Member of Parliament, Rajya Sabha
- In office 1964–1972
- Preceded by: Narsing Rao
- Succeeded by: M Rahmatullah
- Constituency: Andhra Pradesh

2nd Chief Minister of Andhra Pradesh
- In office 11 January 1960 – 12 March 1962
- Governor: Bhim Sen Sachar
- Deputy: Konda Venkata Ranga Reddy
- Preceded by: Neelam Sanjiva Reddy
- Succeeded by: Neelam Sanjiva Reddy

3rd President of the Andhra Pradesh Congress Committee
- In office 1956–1961
- AICC President: U. N. Dhebar; Indira Gandhi; Neelam Sanjiva Reddy;
- Preceded by: Bezawada Gopala Reddy
- Succeeded by: Mallipudi Pallamraju

Personal details
- Born: 14 February 1921 Peddapdu Village, Madras Presidency, British India (now in Andhra Pradesh, India)
- Died: 7 May 1972 (aged 51)
- Party: Indian National Congress
- Spouse: Krishnaveni
- Alma mater: Madras Law College
- Cabinet: Government of India
- Portfolio: Minister of Labour and Employment (9 June 1964 – 23 January 1966)

= Damodaram Sanjivayya =

Indian politician

Damodaram Sanjivayya (14 February 1921 – 7 May 1972) was an Indian politician who served as the second chief minister of Andhra Pradesh from 11 January 1960 to 12 March 1962. Sanjivayya was the first Dalit Chief Minister of an Indian state.
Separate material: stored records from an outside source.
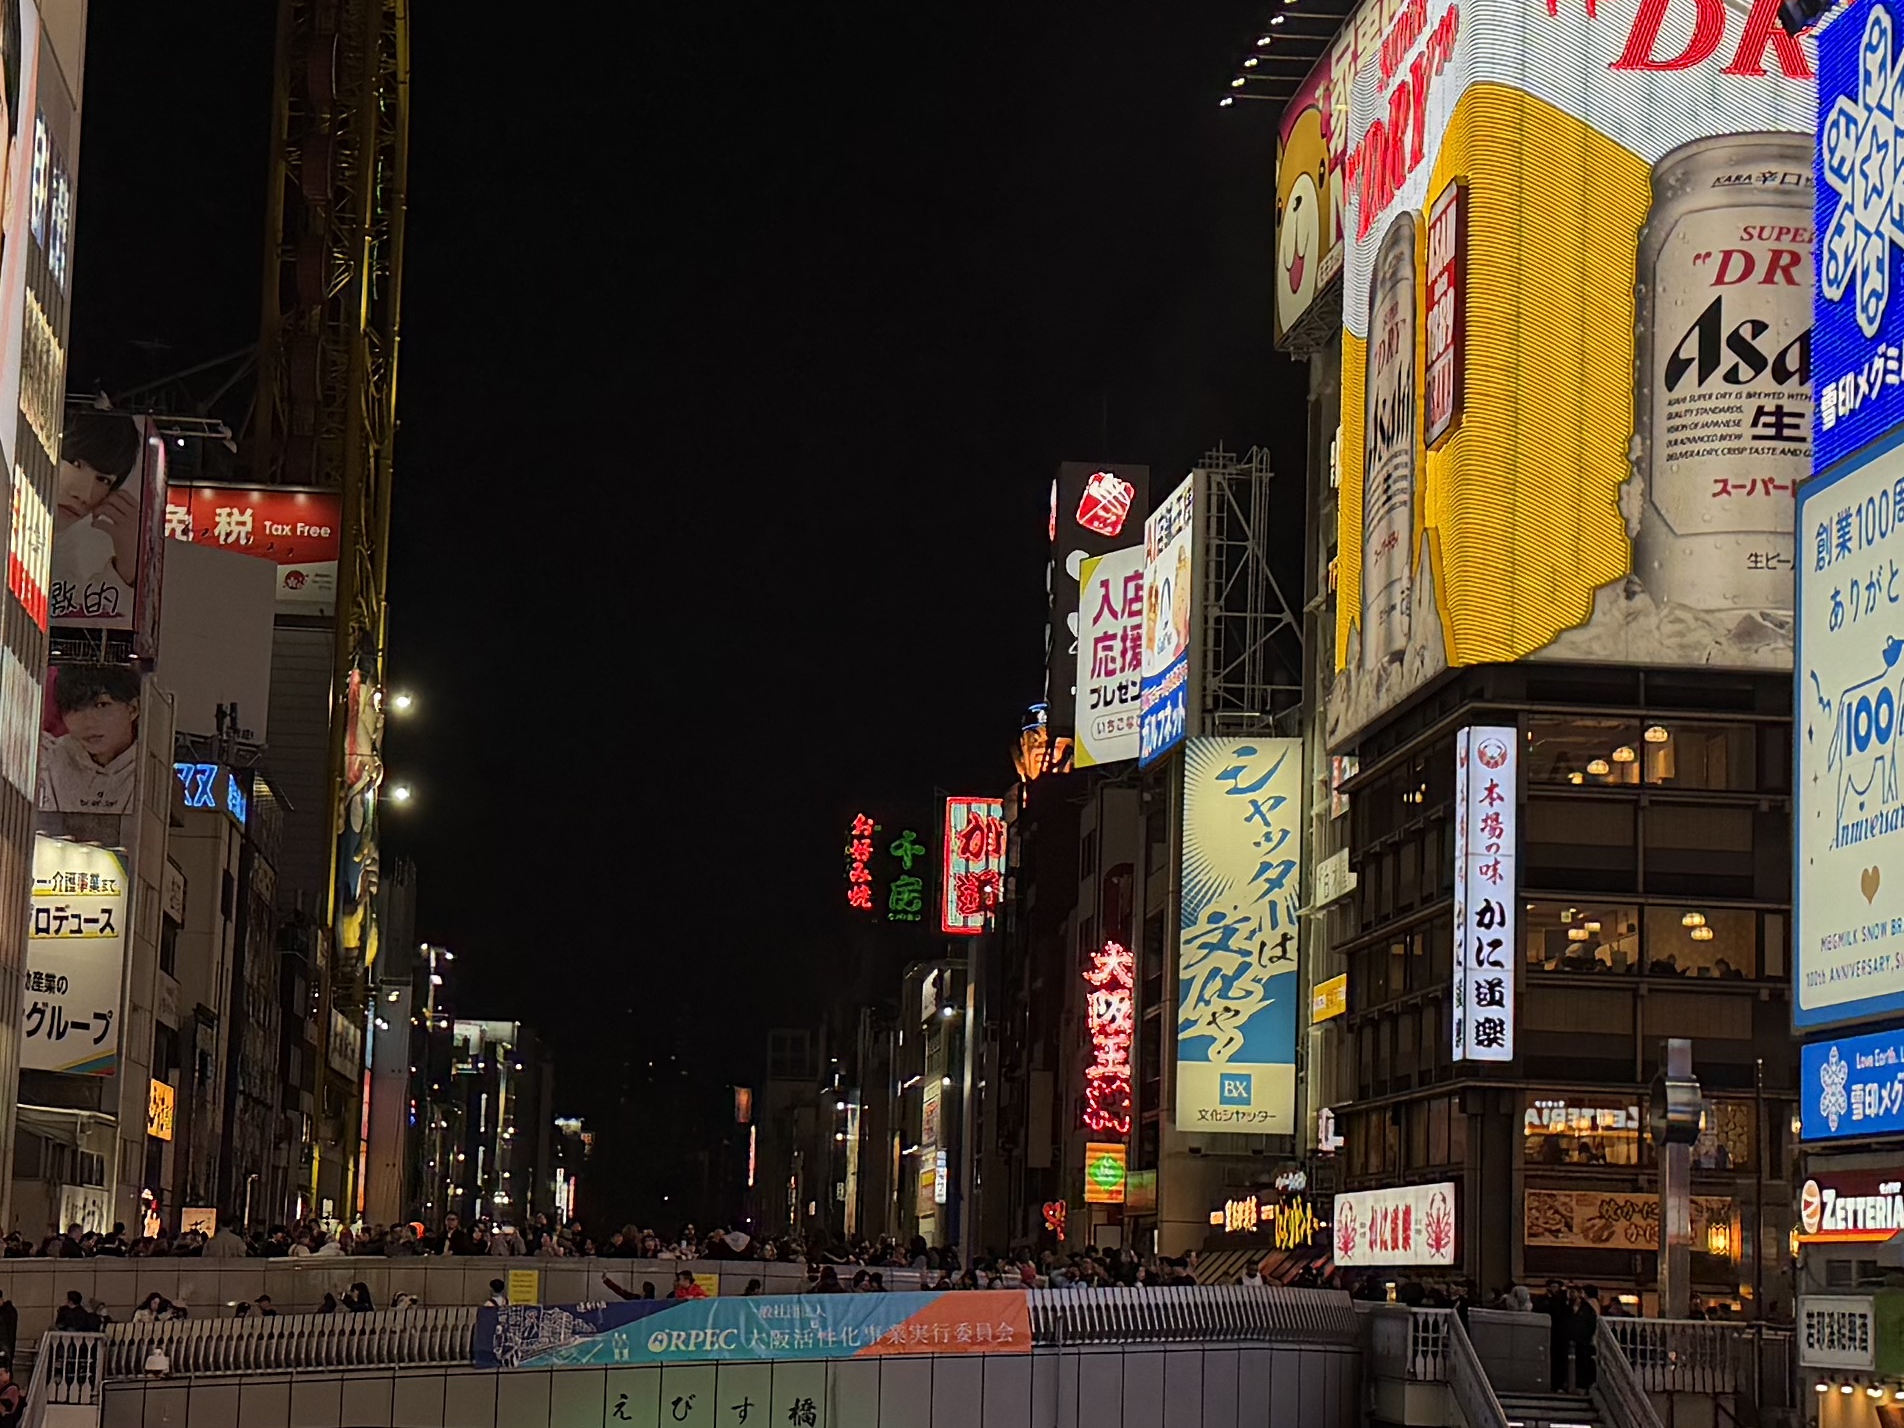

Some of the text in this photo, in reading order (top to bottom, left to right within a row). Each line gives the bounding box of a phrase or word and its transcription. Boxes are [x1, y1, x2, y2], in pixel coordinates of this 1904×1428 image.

[1749, 404, 1808, 443] 生
[262, 519, 332, 539] Tax Free
[1478, 777, 1505, 886] 本場の味
[1474, 898, 1507, 1049] かに道楽
[1223, 1080, 1249, 1098] BX
[1196, 1108, 1277, 1124] 文化シャッター
[611, 1393, 819, 1428] えびす橋
He was also the first Dalit leader to become All India Congress Committee president.

==Early life==
Damodaram Sanjivayya was born in a Mala Dasu family in Peddapadu village of Kallur Mandal in Kurnool district. His father died when he was young. He studied at the Municipal School and graduated with a Bachelor's degree in Law from Madras Law College in 1948. Even while a student, he actively participated in the Indian freedom movement.

==Career==
Sanjivayya was a minister in the composite Madras State. He was a member of the provisional parliament 1950–52. In 1962, Sanjivayya also became the first Dalit leader from Andhra Pradesh to become Pradesh Congress Committee president.
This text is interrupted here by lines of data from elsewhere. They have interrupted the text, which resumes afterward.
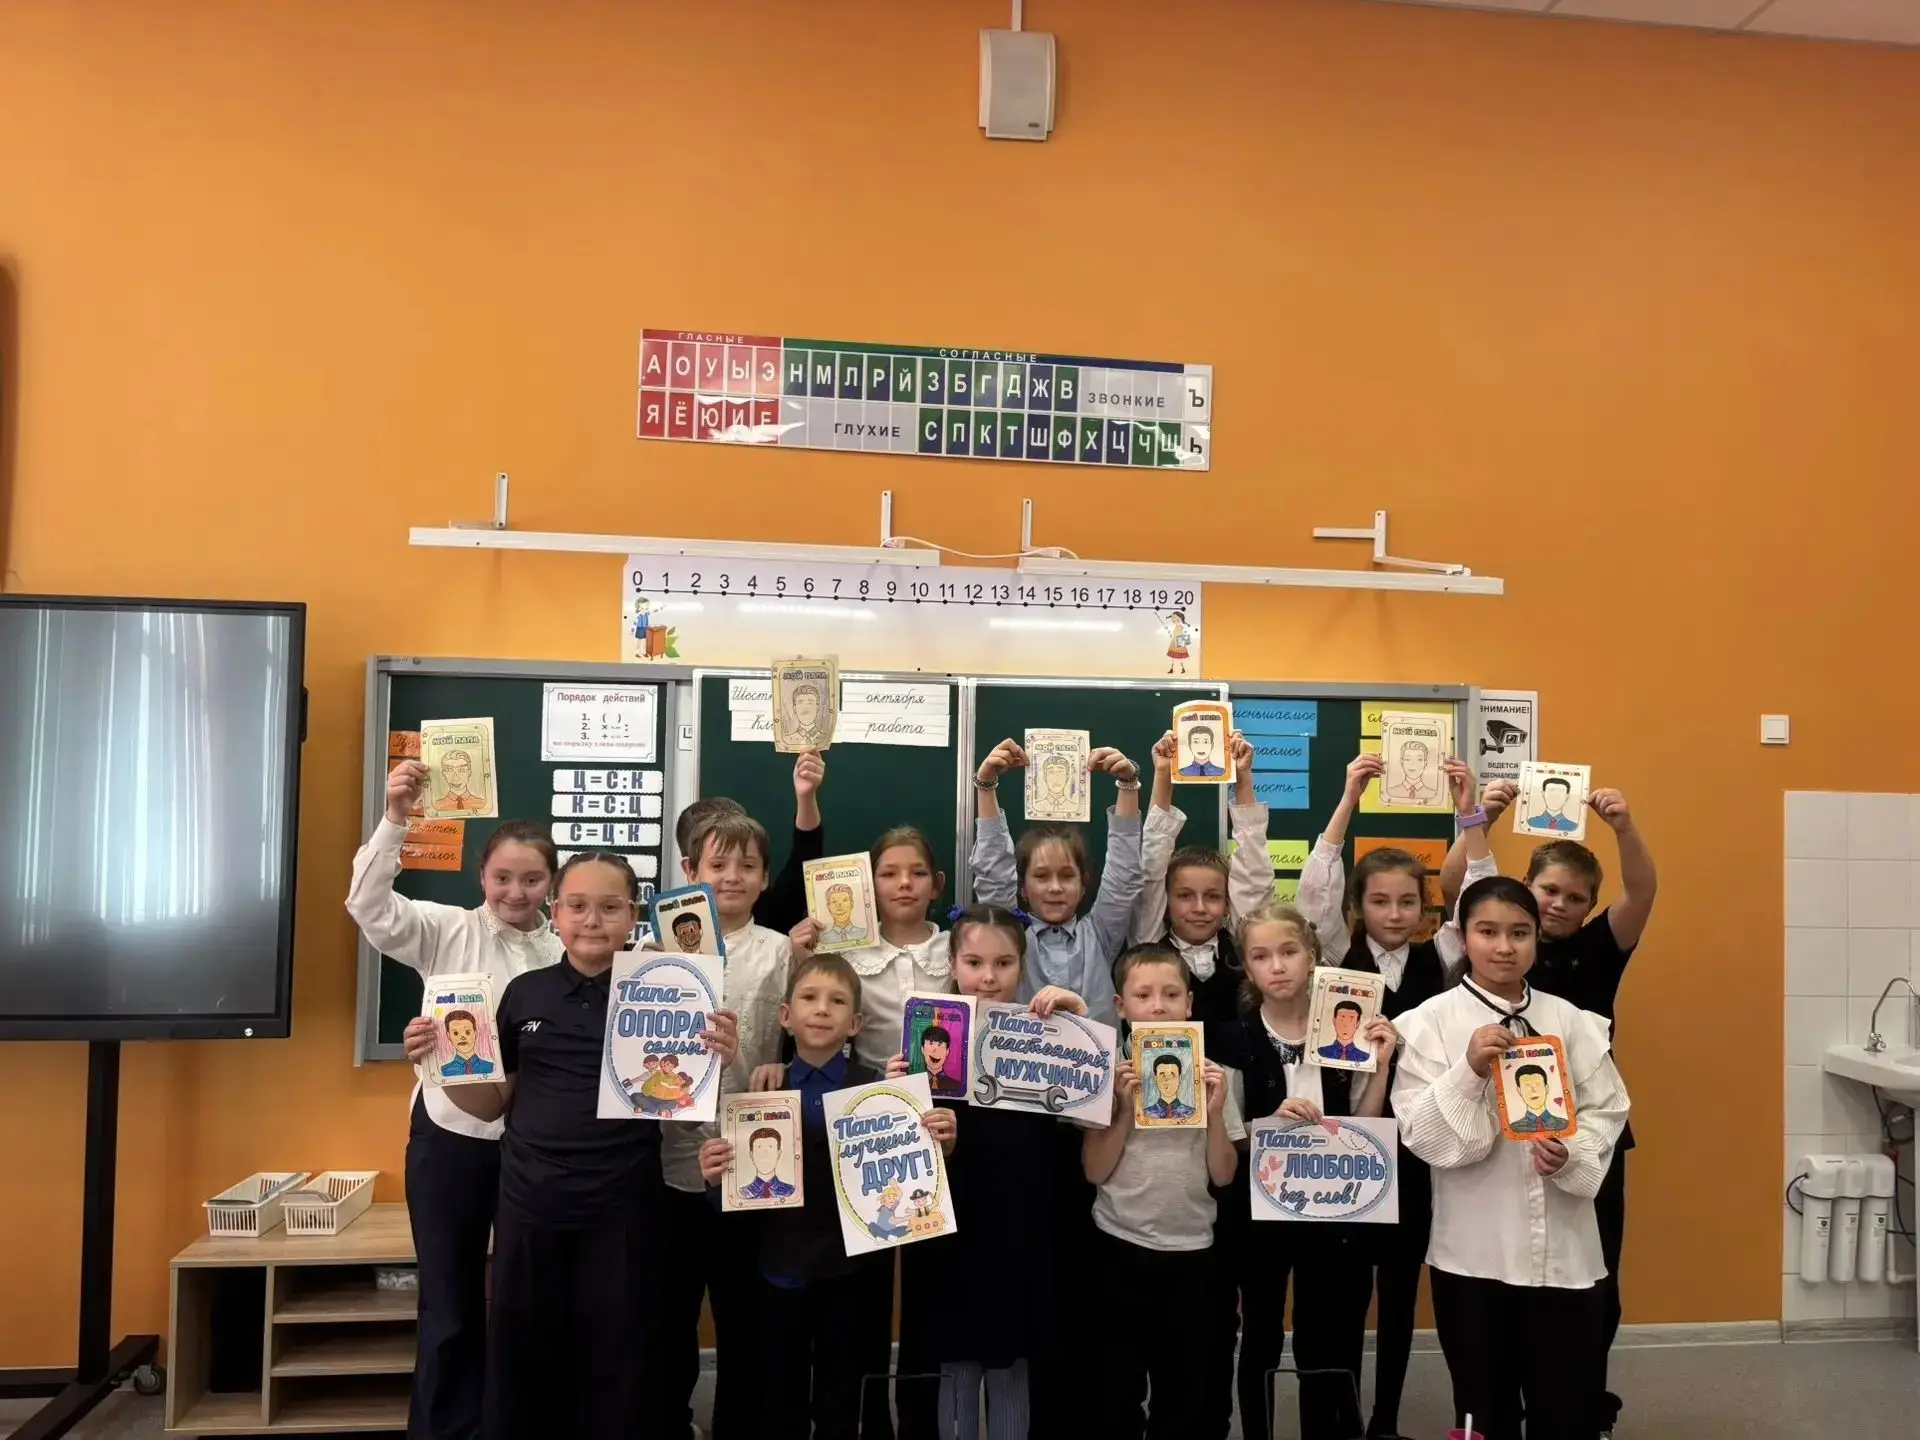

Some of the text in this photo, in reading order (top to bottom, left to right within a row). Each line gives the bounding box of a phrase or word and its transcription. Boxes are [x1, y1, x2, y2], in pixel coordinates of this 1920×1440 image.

[678, 332, 745, 344] ГЛАСНЫЕ
[939, 348, 1038, 363] СОГЛАСНЫЕ
[647, 355, 661, 374] А
[676, 356, 690, 375] О
[706, 358, 717, 377] У
[732, 361, 749, 380] Ы
[762, 362, 774, 381] Э
[790, 364, 802, 383] Н
[817, 365, 831, 384] М
[844, 367, 857, 386] Л
[873, 368, 885, 387] Р
[900, 368, 911, 392] Й
[928, 372, 939, 391] З
[954, 374, 966, 393] Б
[981, 375, 992, 394] Г
[1006, 375, 1021, 398] Д
[1032, 378, 1049, 398] Ж
[1061, 380, 1073, 399] В
[1088, 392, 1165, 408] ЗВОНКИЕ
[646, 404, 659, 424] Я
[675, 401, 687, 425] Ё
[701, 407, 719, 428] Ю
[834, 423, 901, 438] ГЛУХИЕ
[925, 421, 937, 441] С
[953, 423, 964, 442] П
[980, 425, 991, 444] К
[1007, 426, 1018, 445] Т
[1031, 428, 1047, 447] Ш
[1058, 429, 1072, 449] Ф
[1086, 431, 1098, 450] Х
[1113, 431, 1125, 453] Ц
[1139, 433, 1150, 452] Ч
[633, 570, 1194, 606] 0 1 2 3 4 5 6 7 8 9 10 11 12 13 14 15 16 17 18 19 20
[783, 669, 828, 680] МОЙ ПАПА
[557, 692, 645, 703] Порядок действий
[865, 688, 926, 709] октября
[1233, 709, 1316, 720] меньшаемое
[864, 717, 926, 738] работа
[1393, 727, 1437, 737] МОЙ ПАПА
[432, 736, 480, 745] МОЙ ПАПА
[618, 1009, 707, 1039] ОПОРА
[990, 1036, 1110, 1070] настоящий
[994, 1057, 1101, 1095] МУЖЧИНА!
[739, 1110, 762, 1123] МОЙ
[841, 1123, 920, 1168] лучший
[862, 1149, 934, 1196] ДРУГ!
[1284, 1153, 1385, 1181] ЛЮБОВЬ
[1279, 1181, 1363, 1212] без слов!
He was Minister of Labour and Employment under Lal Bahadur Shastri between 9 June 1964 and 23 January 1966.

===Chief Minister===
Sanjivayya was the first Dalit Chief Minister of an Indian state. He wrote a book on labour problems and industrial development in India, which was published in 1970 by Oxford and IBH Pub. Co., New Delhi. He introduced pension system for widows, elderly people and established Lalitha Kala Academy in Andhra Pradesh. He was the youngest chief minister ever in India, he introduced the office of Anticorruption Bureau {ACB}, he completed the irrigation projects like Gajuladinne in Kurnool dist., Vamsadhara, Pulichintala and varadarajula swamy project near Atmakur in Kurnool dist.

== Personal life ==
In 1950 Sanjivayya married a Dalit teacher, Krishnaveni. They had no children. Sanjivayya wrote literary articles and poetry in Telugu in his free time.

==Honours==
- His statue was erected opposite Public Gardens in Nampally, Hyderabad.
- A park, Sanjivayya park on the banks of Hussain Sagar in Hyderabad was named in his honour. His grave is also located inside the park.
- Damodaram Sanjivayya National Law University, Visakhapatnam one of the premier legal institutions in the country has been named in his honour.
- India Post issued a commemorative postage stamp in his honour (₹5.00) on 14 February 2008.